Aujourd’hui La Havane est une ville à la mode. Ce qui implique une analyse coûts-bénéfices : l’invasion touristique nord-américaine, canadienne et ouest-européenne est en train de changer rapidement l’ambiance du centre-ville, dans des endroits comme La Habana Vieja, le Parque Central et le quartier du Vedado, où prolifèrent désormais la picaresque, les prix gonflés et l’escroquerie généralisée, en relation directe avec l’exploitation des yumas, cette sorte d’étrangers ingénus, timides face à l’évidence de l’arnaque et totalement ignorants de la complexe « mécanique nationale ».

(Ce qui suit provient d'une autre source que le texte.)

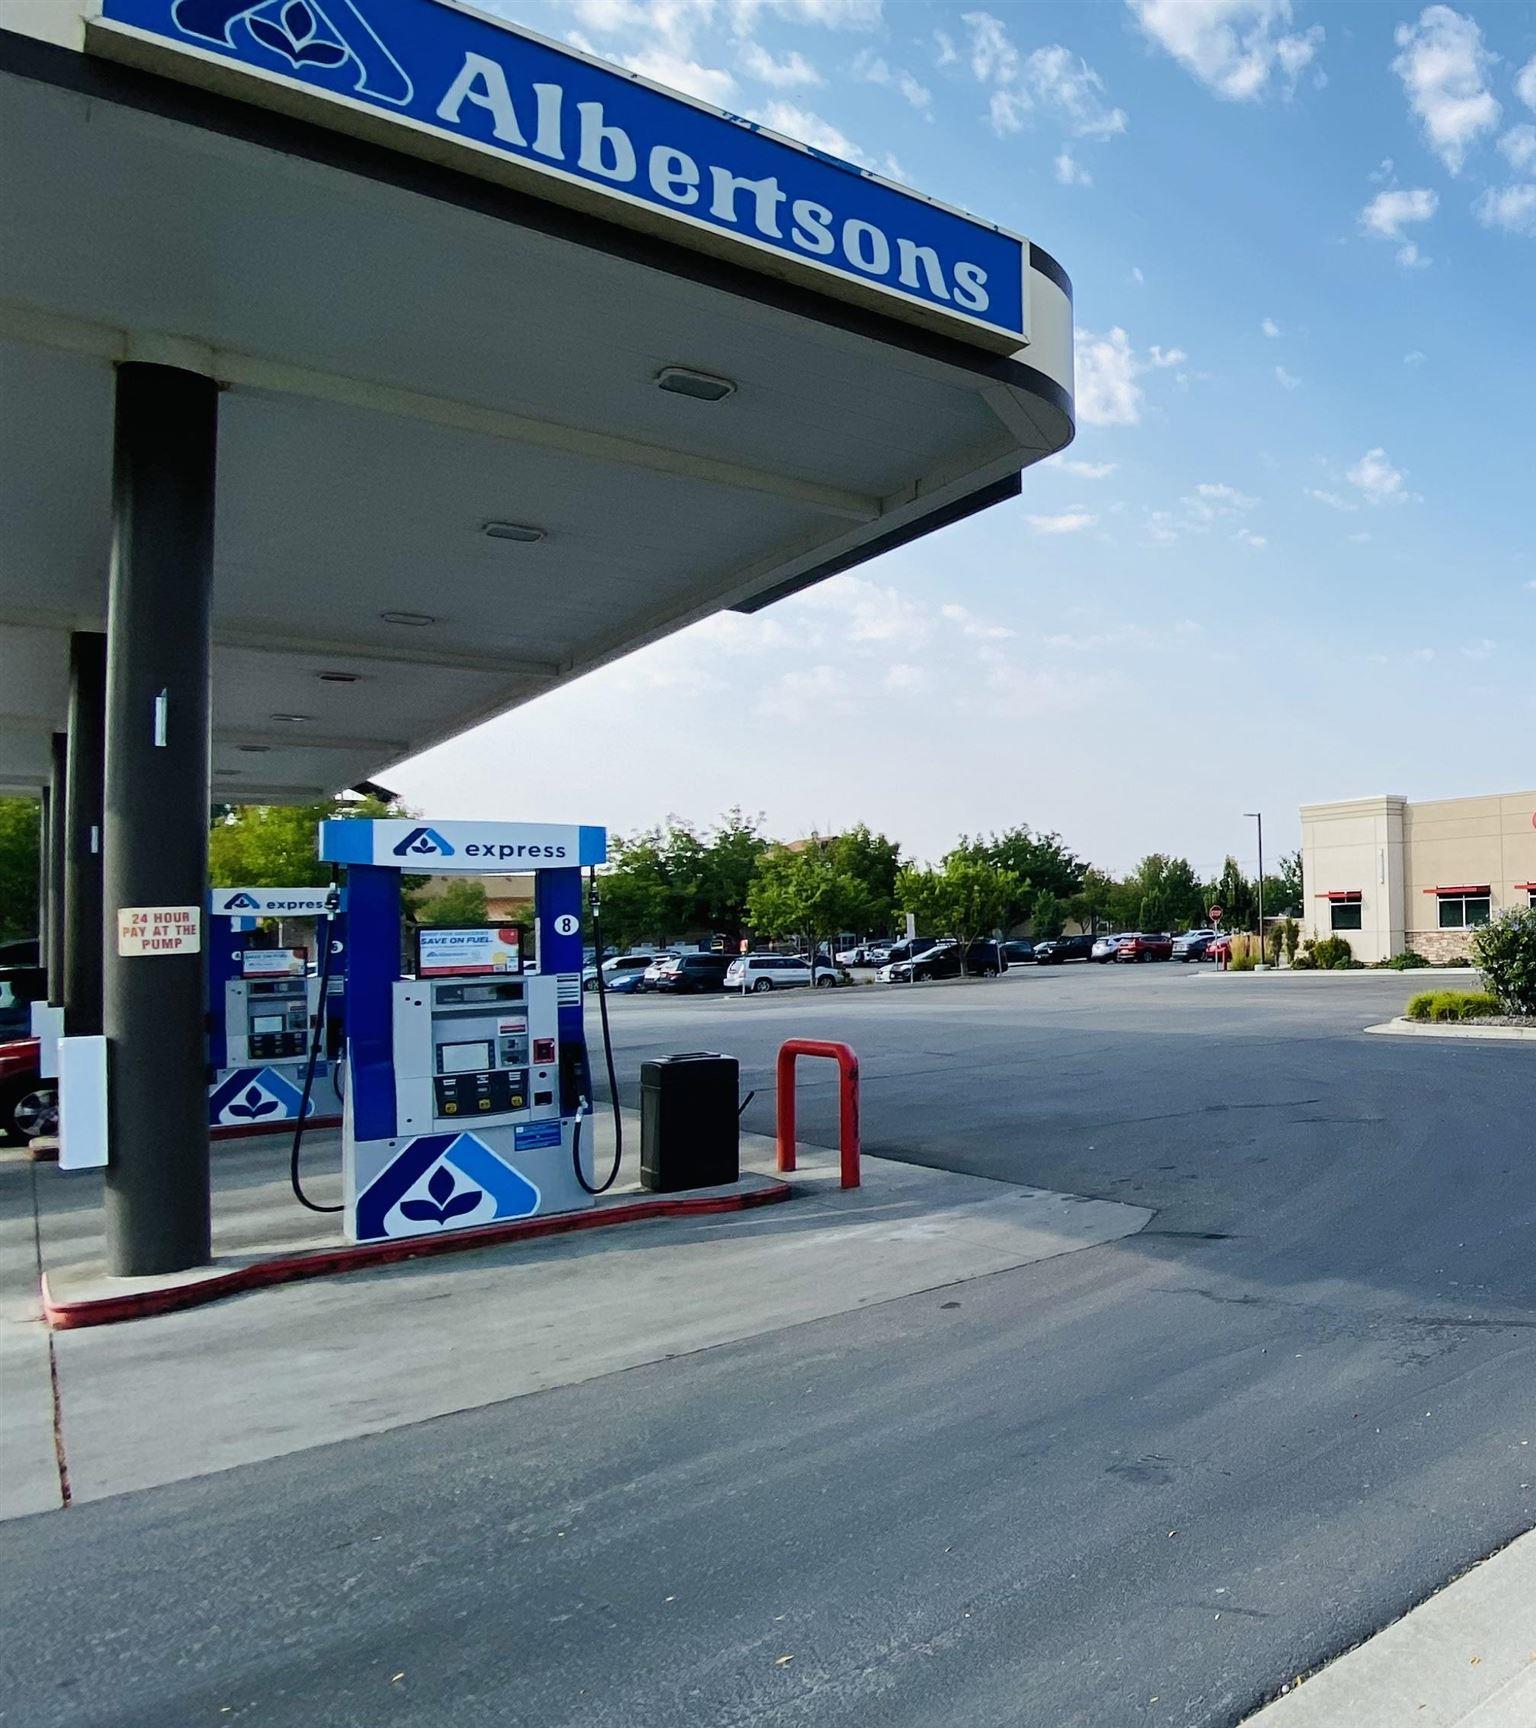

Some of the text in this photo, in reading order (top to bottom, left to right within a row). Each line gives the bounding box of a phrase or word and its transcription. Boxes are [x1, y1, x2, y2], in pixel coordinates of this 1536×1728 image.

[436, 51, 990, 313] Albertsons
[465, 843, 566, 860] express
[266, 900, 326, 910] expres
[132, 912, 189, 924] 24 HOUR
[123, 925, 196, 937] PAY AT THE
[562, 917, 571, 933] 8
[142, 938, 182, 949] PUMP
[421, 937, 447, 945] SAVE

Le tournage du huitième épisode de Fast and Furious, ce navet commercial nord-américain, et le défilé exclusif de Chanel, par-delà le nombre incalculable de problèmes qu’ils ont engendrés (de la fermeture des rues à la déviation de la circulation), ont eu l’avantage de provoquer un malaise évident dans la population, et de susciter un débat social sur comment et jusqu’à quel point il est possible de contrôler les nouveaux intérêts économiques et les énormes investissements qui circulent autour de la ville en ces temps nouveaux et inconnus. On pourrait dire la même chose du « plan » annoncé officiellement par le gouvernement de construire de nombreux hôtels cinq étoiles et des terrains de golf aux alentours de la ville et dans l’île, alors que les services municipaux les plus élémentaires et nécessaires au déroulement d’une vie plus ou moins normale se distinguent par leurs carences et leur mauvais fonctionnement.

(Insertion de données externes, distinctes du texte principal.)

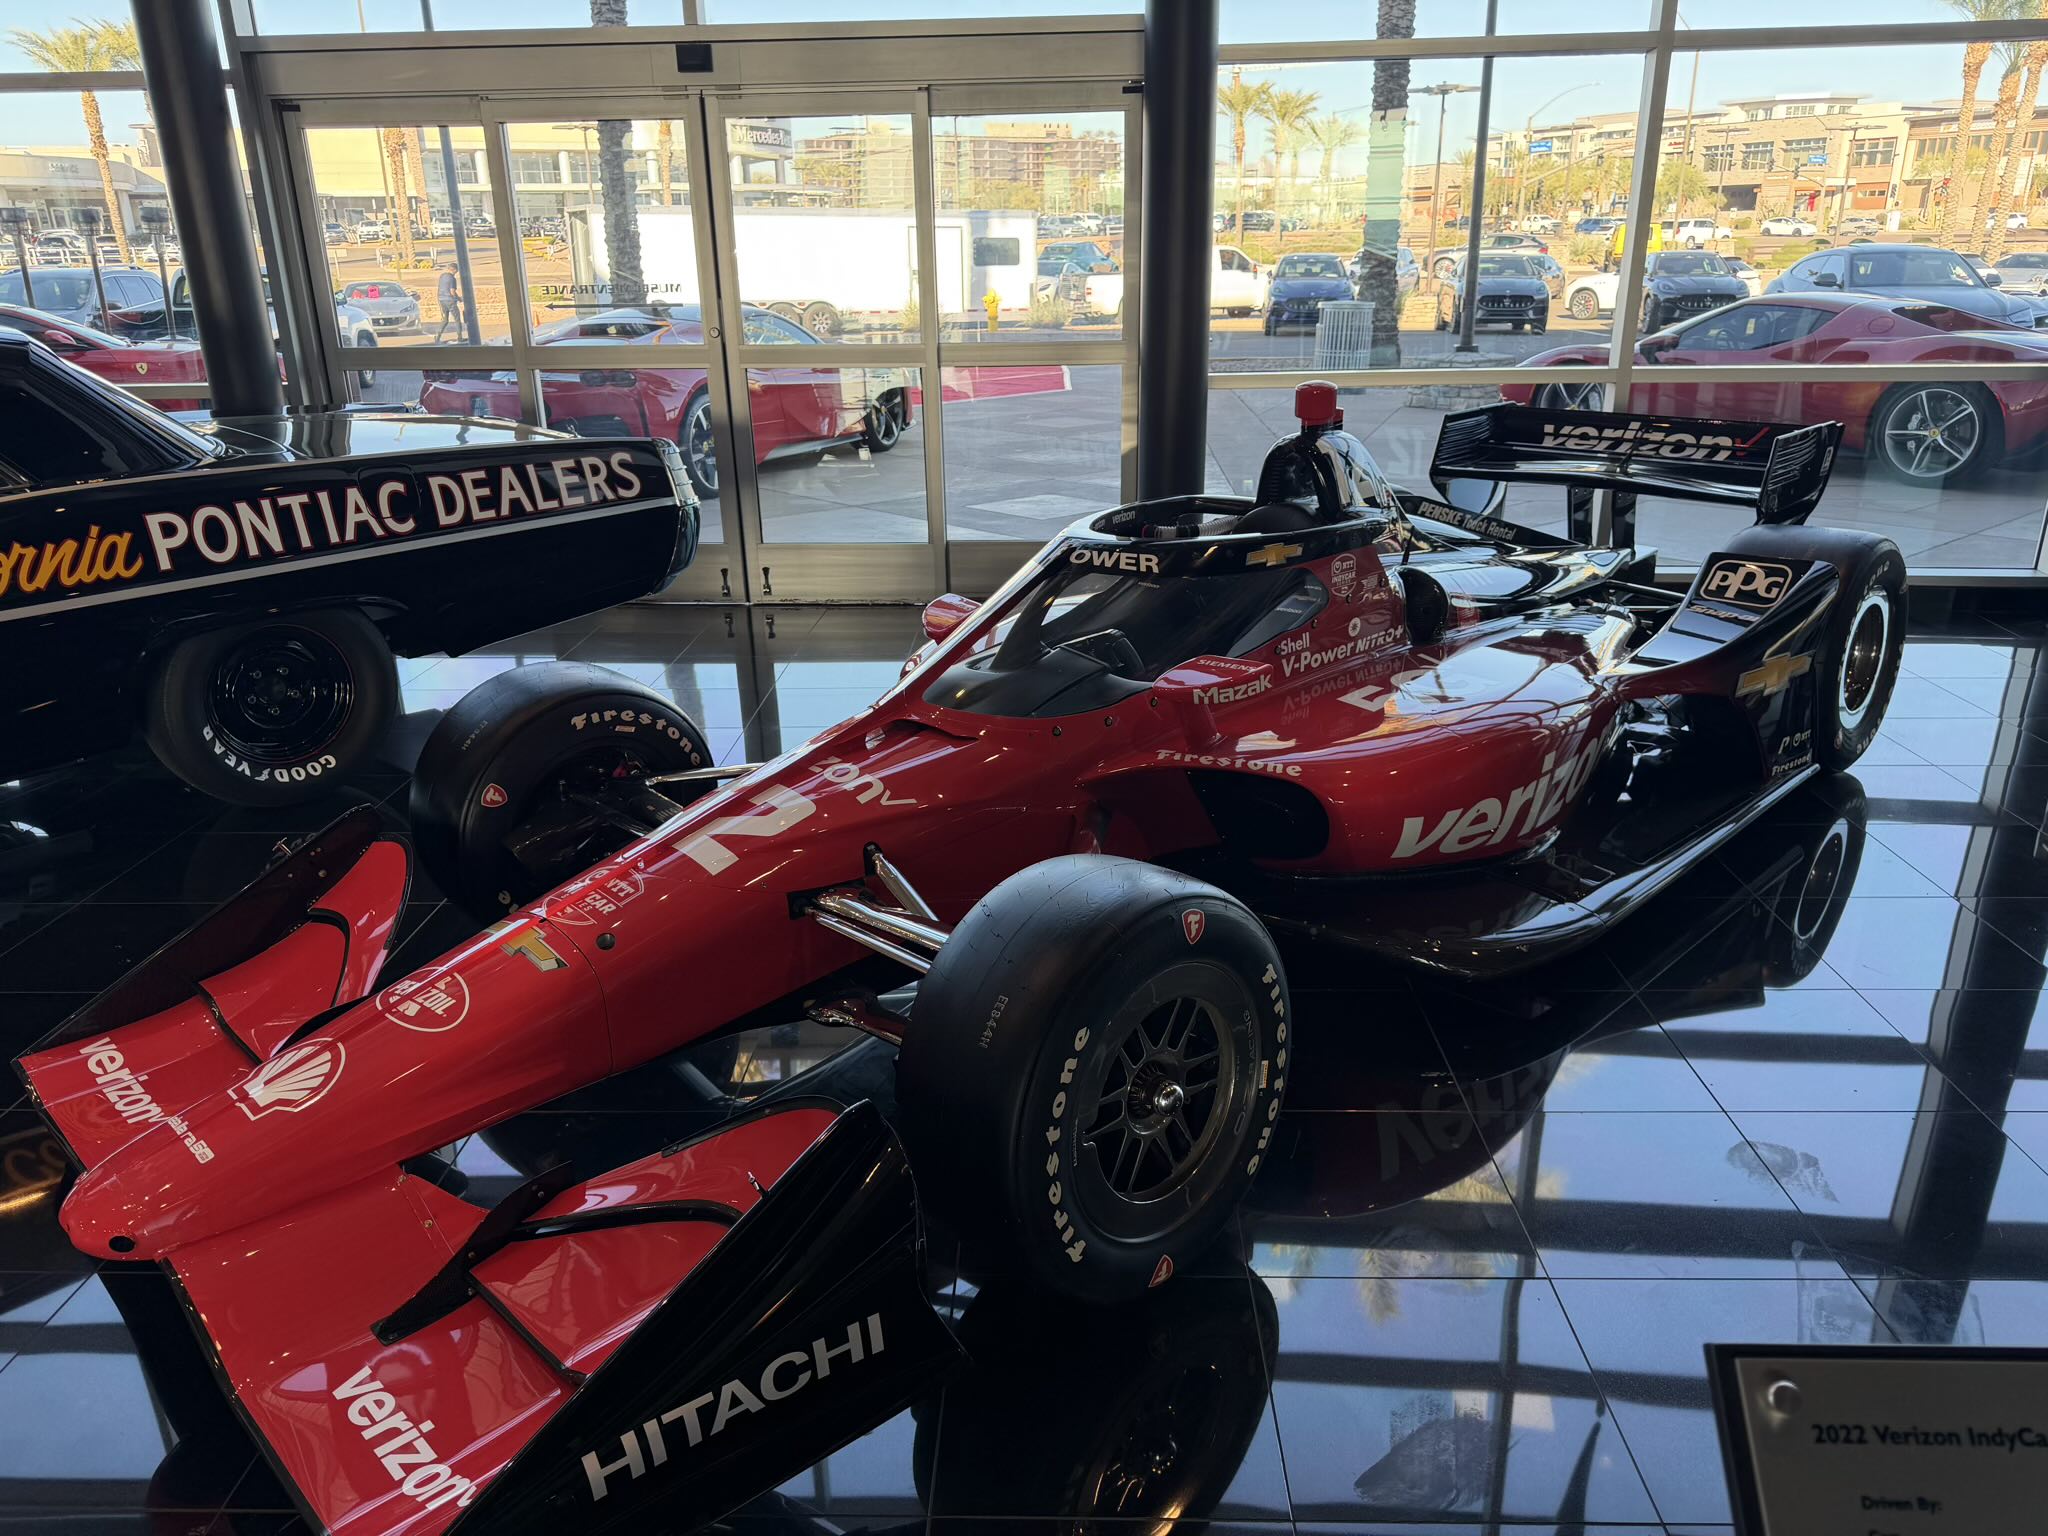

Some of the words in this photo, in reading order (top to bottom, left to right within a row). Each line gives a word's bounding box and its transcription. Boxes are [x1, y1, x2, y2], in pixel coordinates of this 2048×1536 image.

Mais si les temps sont nouveaux pour les habitants de La Havane, la ville, elle non plus, n’est plus la même qu’avant. C’est dans ce sens que la vision qu’ont de la ville les écrivains d’hier et d’aujourd’hui, chroniqueurs de leur époque et de leurs expériences, peut offrir un point de départ intéressant. Il est sans doute difficile de reconnaître à l’heure actuelle la ville baroque qu’Alejo Carpentier a décrite dans La Cité des colonnes et Chasse à l’homme. Il est difficile de s’aventurer dans une vie nocturne qui n’est plus qu’un pâle reflet de celle des Trois tristes tigres de Cabrera Infante. La vie citadine a perdu l’hermétisme et l’érudition que Lezama Lima a décrits dans son énigmatique Paradiso. L’immense sensualité de Reinaldo Arenas n’est plus aujourd’hui qu’un triste marché du sexe mal digéré, et, de la Chaussée de Jésus du Mont, immortalisée dans les vers d’Eliseo Diego, il ne reste qu’une longue suite de ruines impraticables.

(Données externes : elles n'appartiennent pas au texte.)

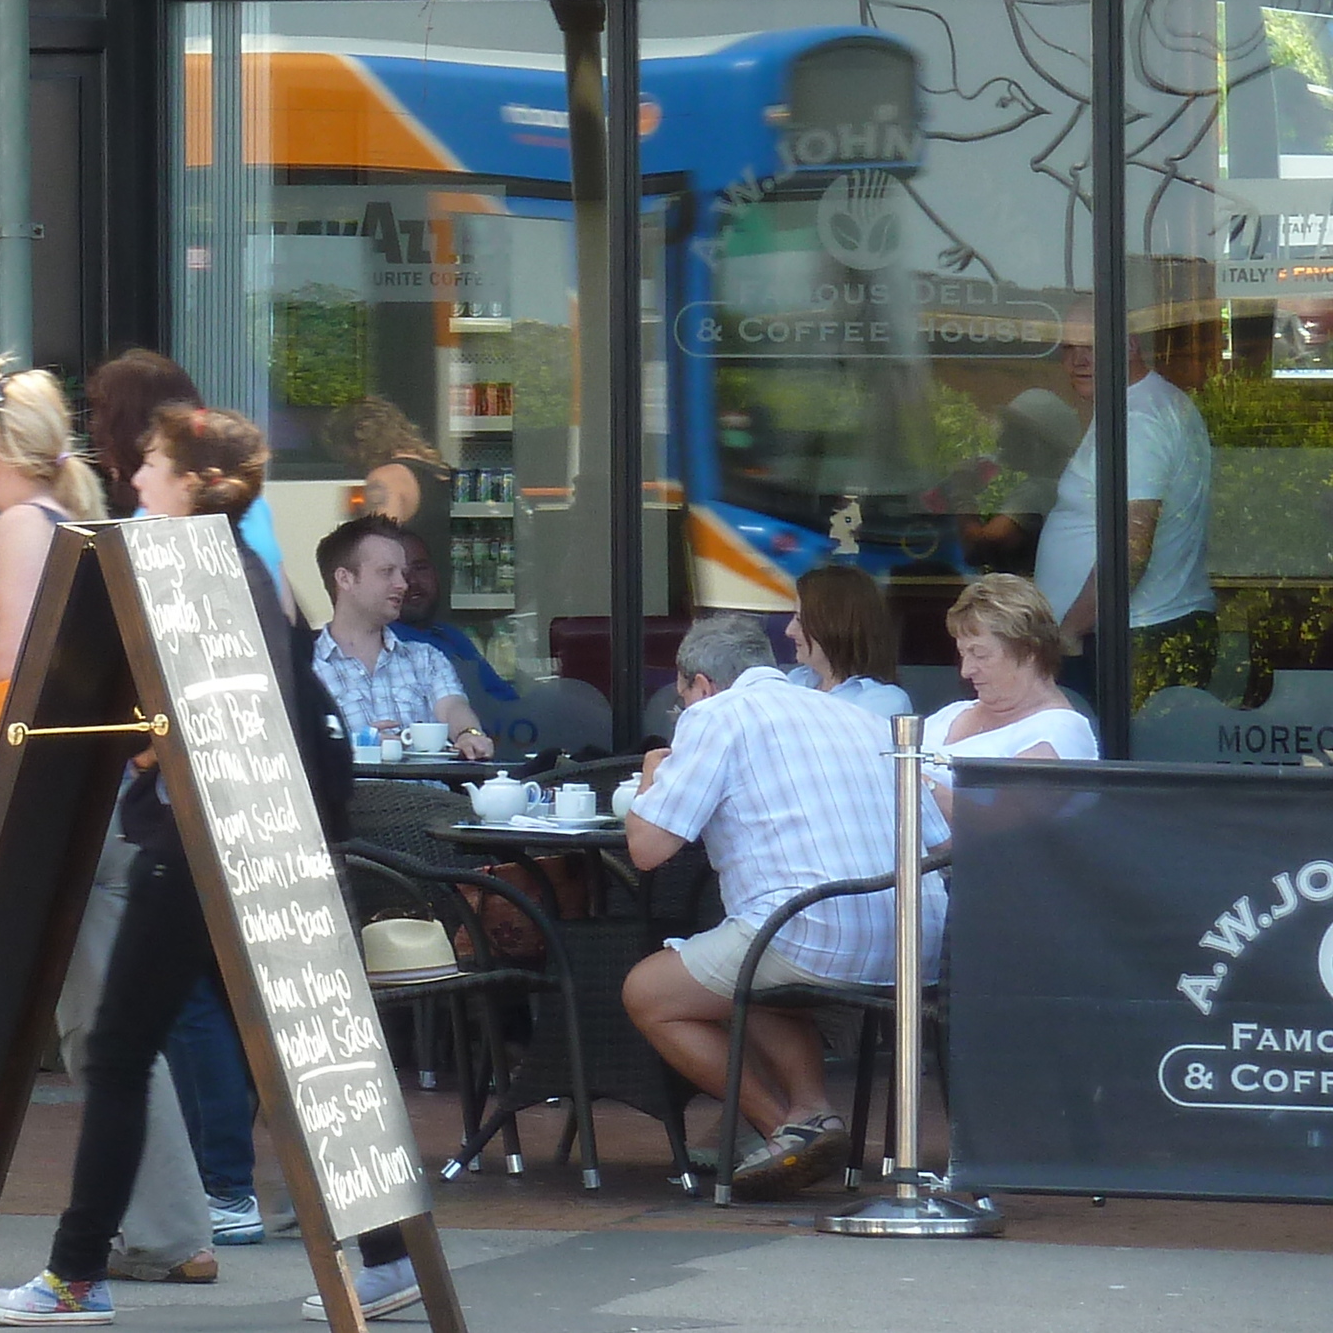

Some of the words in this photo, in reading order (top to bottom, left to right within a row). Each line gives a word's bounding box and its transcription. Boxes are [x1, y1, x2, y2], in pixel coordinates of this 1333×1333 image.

[911, 281, 1001, 306] DELI
[696, 317, 723, 343] &
[738, 317, 890, 343] COFFEE
[130, 528, 186, 588] Todays
[178, 695, 228, 747] Roast
[224, 692, 269, 745] Beef
[246, 746, 292, 785] ham
[209, 799, 255, 846] ham
[1184, 1062, 1213, 1091] &
[296, 1083, 347, 1138] Todays
[319, 1136, 377, 1211] French

Mais la ville, cette sorte de sculpture collective qui grandit, change et se transforme en permanence, continue à rassembler en elle toutes ces différentes réalités. Il suffit peut-être de la regarder avec des yeux inquiets et curieux pour pouvoir apprécier cette cité du passé, baroque, énigmatique, nocturne, sensuelle, musicale qui aujourd’hui renvoie aux mêmes sensations, quoique de façon différente.
Les écrivains cubains contemporains la regardent, la vivent et lui rendent hommage (ou la rejettent) avec des regards multiples. Pour les plus jeunes, comme Jorge Enrique Lage (La Havane, 1979), c’est un décor de provocation et de défi : « Pour moi, dit-il, La Havane, n’est pas plus réaliste que pittoresque. Ce n’est pas non plus La Havane sordide de Pedro Juan Gutiérrez. Pour moi, c’est un fantasme. » Lage est un auteur qui ressemble à Salinger, du moins en tant que personnage : réservé, n’appréciant guère la presse et peu enclin à accorder des entretiens. Des légendes circulent à son sujet et ses livres sont déjà de petits objets de culte. À mi-chemin entre la science-fiction et le gore, ses romans et ses nouvelles prennent comme toile de fond une Havane « violentée » : « Le témoignage ne m’intéresse pas. Je préfère violenter la ville, violenter l’espace urbain qui est pour moi quelque chose de traumatique. Pour moi, La Havane est une ville paralysée dans le temps, avec d’énormes carences, tant sociales et humaines qu’urbanistiques. Je ne suis pas capable de parler de La Havane avec l’admiration d’un habitant de la capitale. »
La ville « merveilleuse » sert de cadre à de nombreuses histoires de perte et de vécu d’Ahmel Echevarria (La Havane, 1974) : « C’est le territoire que je connais, c’est donc un lieu privilégié. C’est ici que j’ai vécu des moments où j’ai ressenti le besoin de me déconnecter d’un endroit qui pouvait devenir un boulet à mon pied. Même si, finalement, on y revient toujours. »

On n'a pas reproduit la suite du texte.